Can you please recommend a ‘smart’ partitioning scheme? This is my first GNU/Linux install. I am very familiar with windows as I have partitioned drives numerous times in that OS environment.
I don’t want to get lost in a complicated debian partition scheme during this first
go-around. But on the flip-side, I don’t want to set-up a directory tree/partition that is so simple that it gives me little control.
Computer System specs:
– iwill-DVD266R mob
– ‘Dual’ Pentium III (total: 2.0 GHz cpu speed)
– 1 gig DDR RAM (max on MOB 4 gigs)
– Hard drive 0 – Windows 2000 already installed on 40 gig IDE HDD set to ‘Master’.
– Hard drive 1 – 80 gig EIDE HDD dedicated to Debian and set to ‘Slave’.

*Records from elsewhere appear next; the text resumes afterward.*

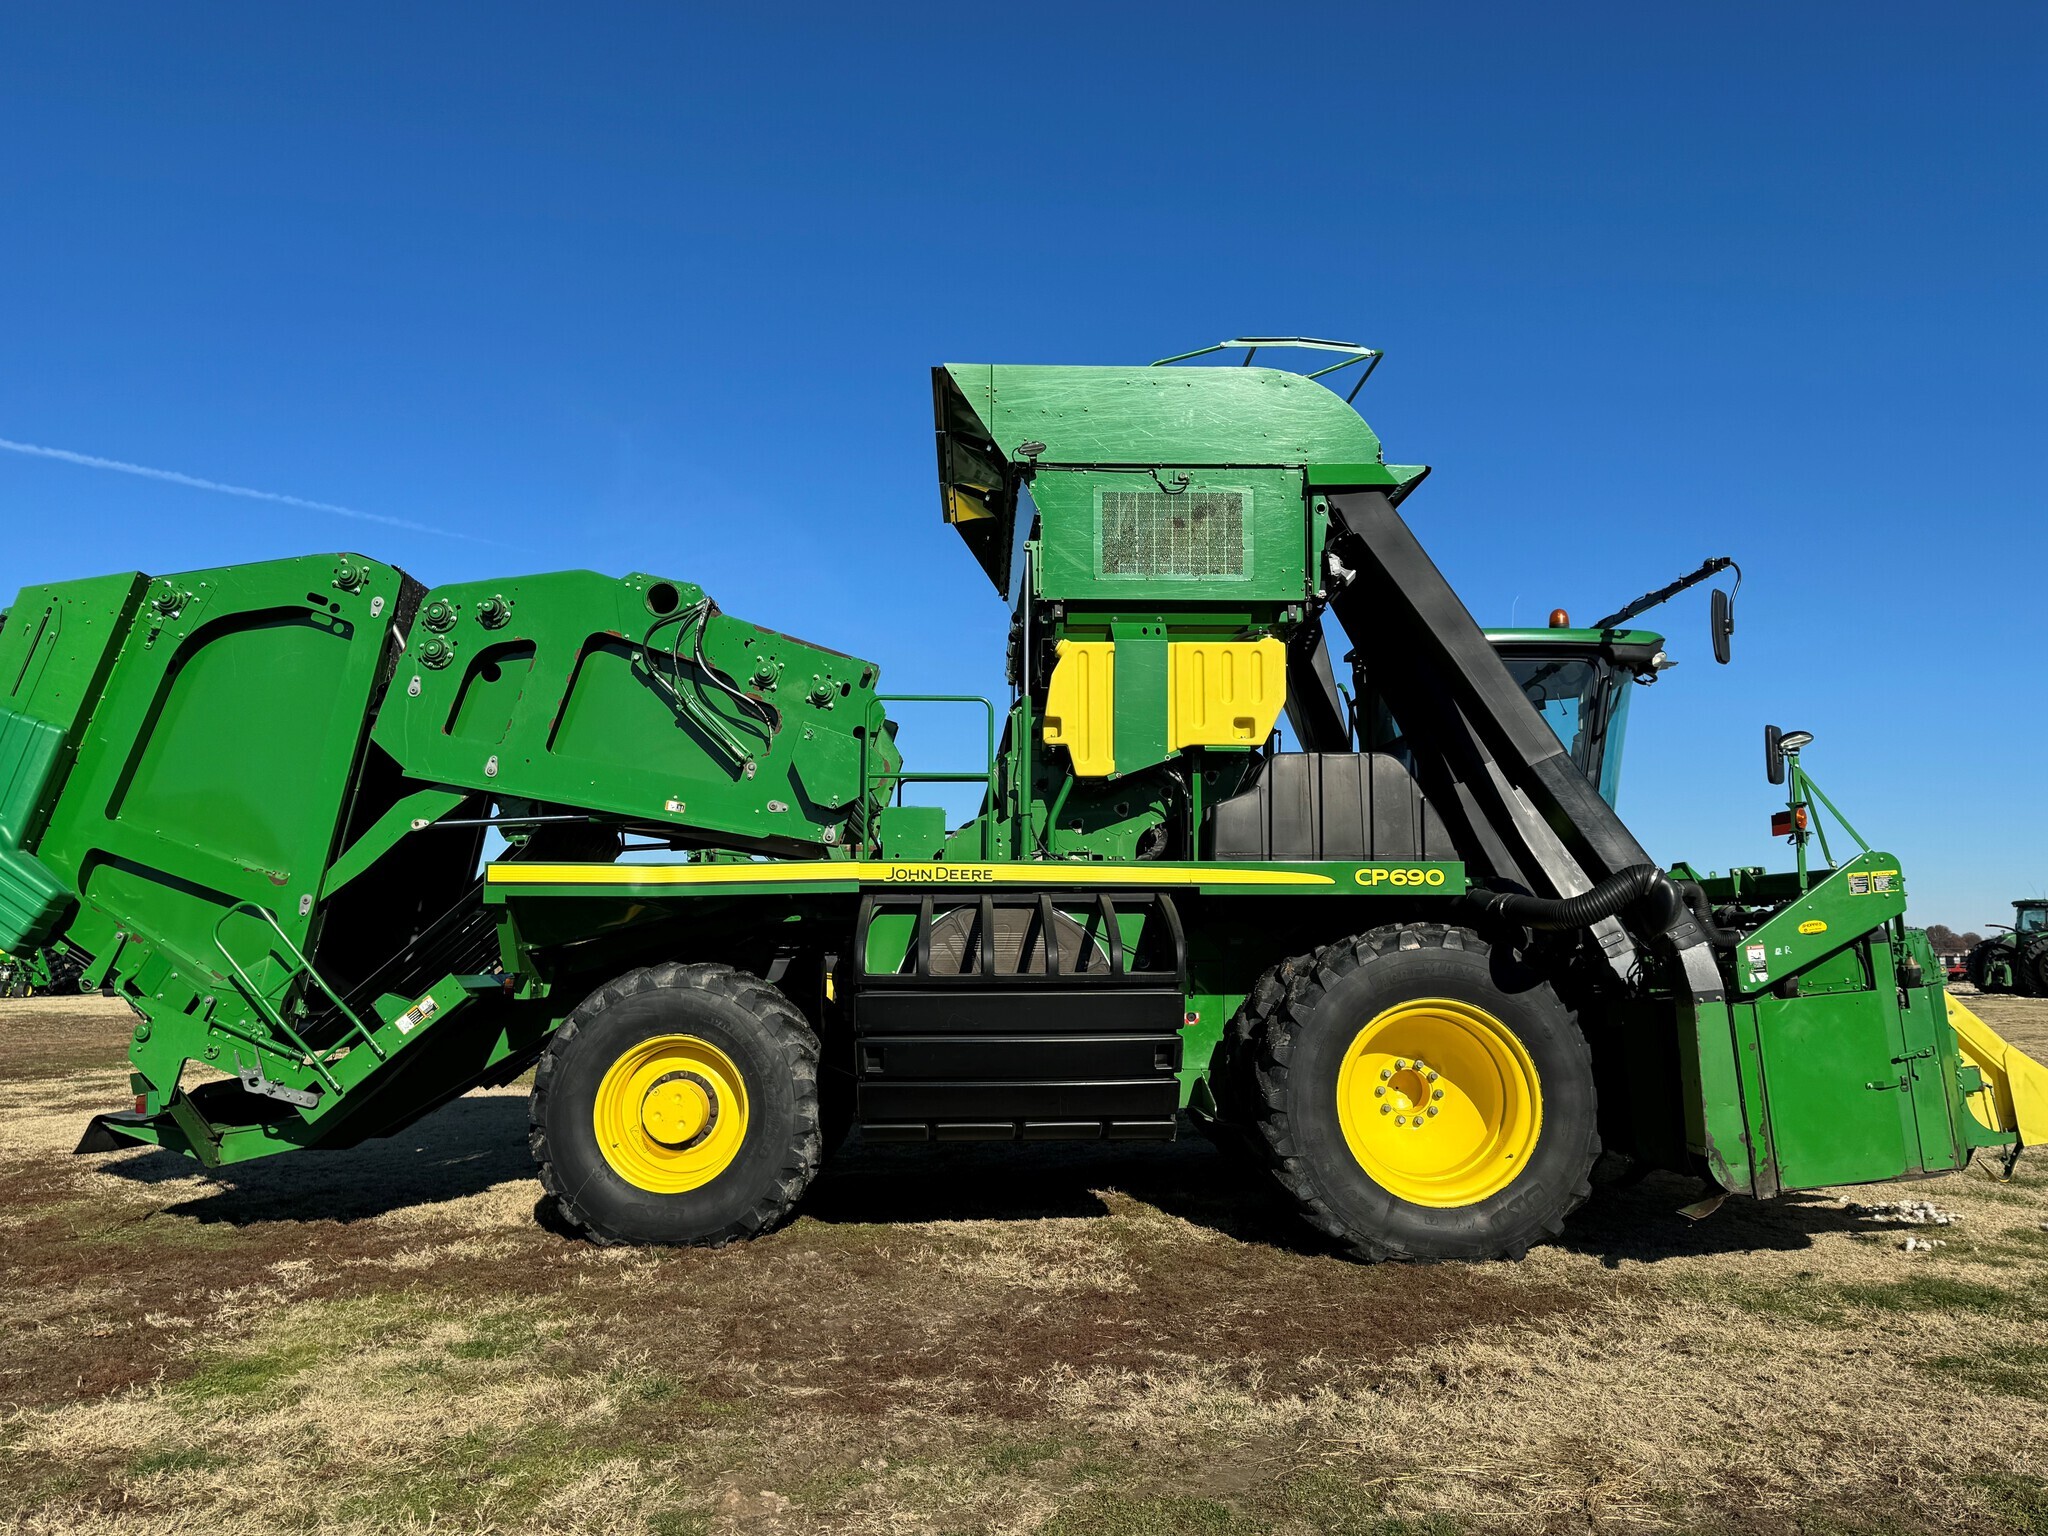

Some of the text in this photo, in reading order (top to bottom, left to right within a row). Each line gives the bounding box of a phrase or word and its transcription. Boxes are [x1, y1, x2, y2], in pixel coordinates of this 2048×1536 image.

[885, 866, 993, 880] JOHN DEERE
[1354, 868, 1446, 886] CP690
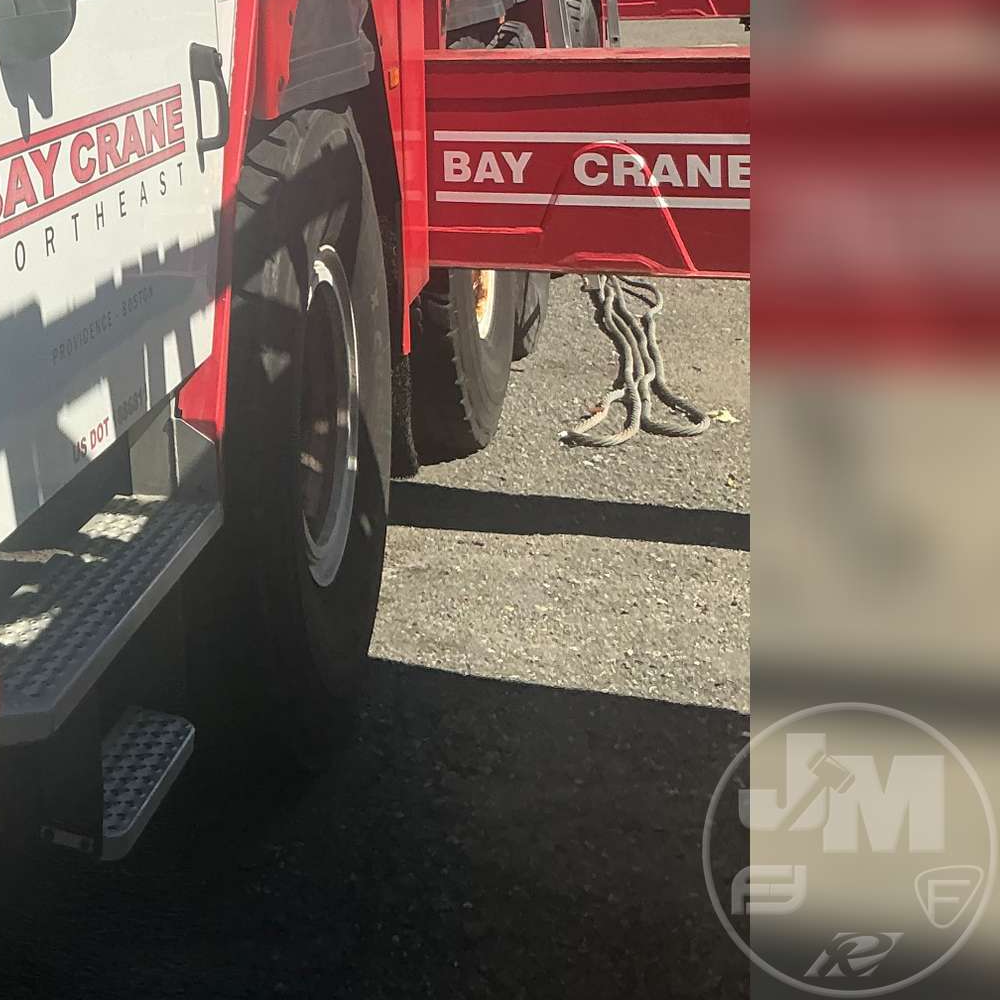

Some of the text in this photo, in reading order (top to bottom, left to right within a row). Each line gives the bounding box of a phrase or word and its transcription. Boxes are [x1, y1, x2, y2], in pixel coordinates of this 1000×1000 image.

[69, 96, 185, 184] CRANE
[442, 150, 751, 189] BAY CRANE
[72, 415, 110, 465] US DOT
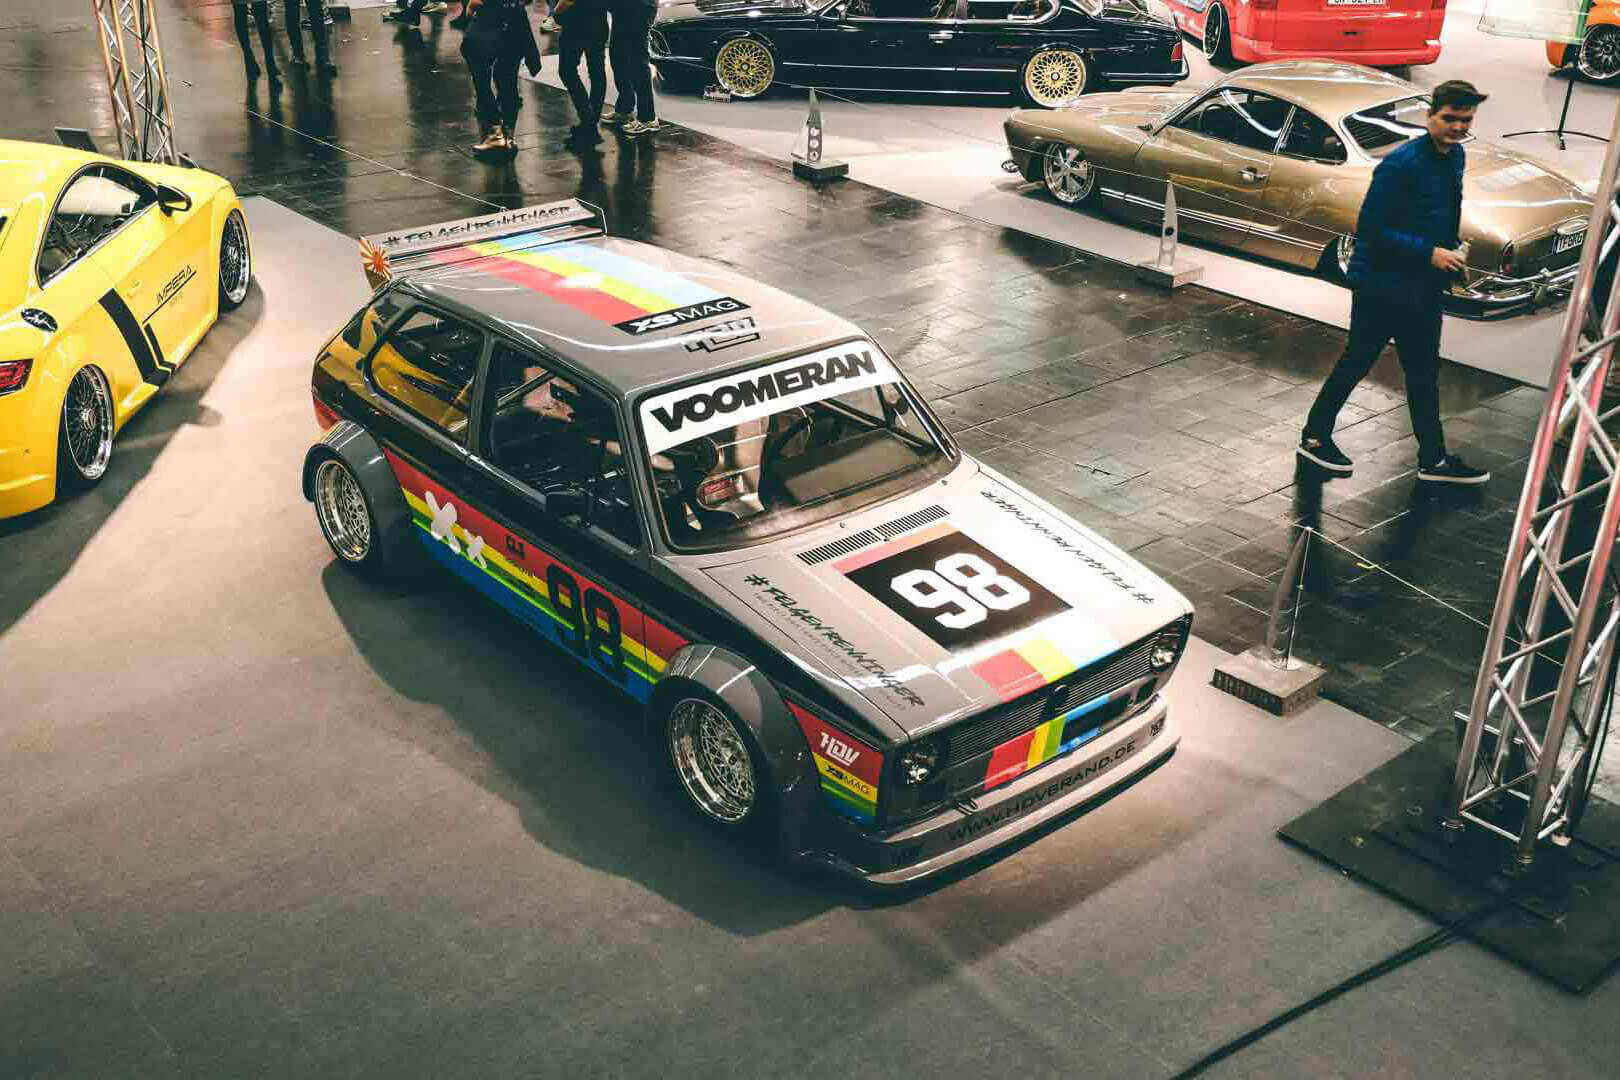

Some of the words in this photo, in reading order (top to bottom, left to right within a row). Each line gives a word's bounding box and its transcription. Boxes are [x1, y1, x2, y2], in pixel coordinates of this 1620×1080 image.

[650, 350, 878, 433] VOOMERAN
[547, 563, 622, 678] 98
[890, 552, 1031, 629] 98

Both Drives on the same Ribbon Cable plugged into primary IDE on MOB
– CD R/RW
– DVD R/RW
– USB 1.0 (2 ports)
– Floppy Drive
Objective with Computer System:
– Dual-boot with windows 2000 and Debian using two hard drives (one for each OS).
– I will be the only user.
Primary objective with Linux:
– Learn programming in ‘C’, C++, Objective C, and Java
– listening to music
– Video and Photo Editing
– Everyday tasks: Libre Office Suite, Programming IDE, Firefox, VLC player etc.
Proposed Directory Partitioning Scheme recommended as a ‘starting point’ by Debian (partition sizes are my suggestions):
/boot 500 MB
/ 15,000 MB
/user 20,000 MB
/var 3,000 MB
/temp 2,000 MB
/home 30,000 MB
swap 5,000 MB (only 1 gig of DDR RAM available)
Any suggested directory partitioning schemes and partition sizes would be appreciated.
Keep it simple. Start with /boot, /, /home and Swap. or even simpler with /, /home and Swap. Either one will work.
I am glad to see this introduction to LVM in the Debian install context.
I am really a beginner at LVM, but my limited experience has taught me to think ahead about how the LV’s will be used, and what name will be descriptive. This same idea applies to the VG name also.
For me, I found that creating the PV’s, VG’s and LV’s in advance of the install was more straightforward than performing those steps in the install. This gave me time to think about naming conventions. And, the command line interface to LVM is pretty easy, but requires some practise.
Primarily, I learned you should plan your PV’s VG’s and LV’s to accomodate multiple Linux installs.
For instance, your LV’s could be:
Squeeze-root (instead of just root)
Squeeze-home (instead of just home)
swap (since swap can be common across installs)
That way, you can keep your LV’s straight between installs.
An idea for your next iteration, is touching on how renaming the LV’s affects the Linux installs depending on those LV’s.
I enjoy your info, and look forward to more.
You are right, but the naming convention depends on the environment. If there is going to be just one Linux installation, then the names used here will do just fine. The names you suggested will work perfectly in a multi-Linux installation.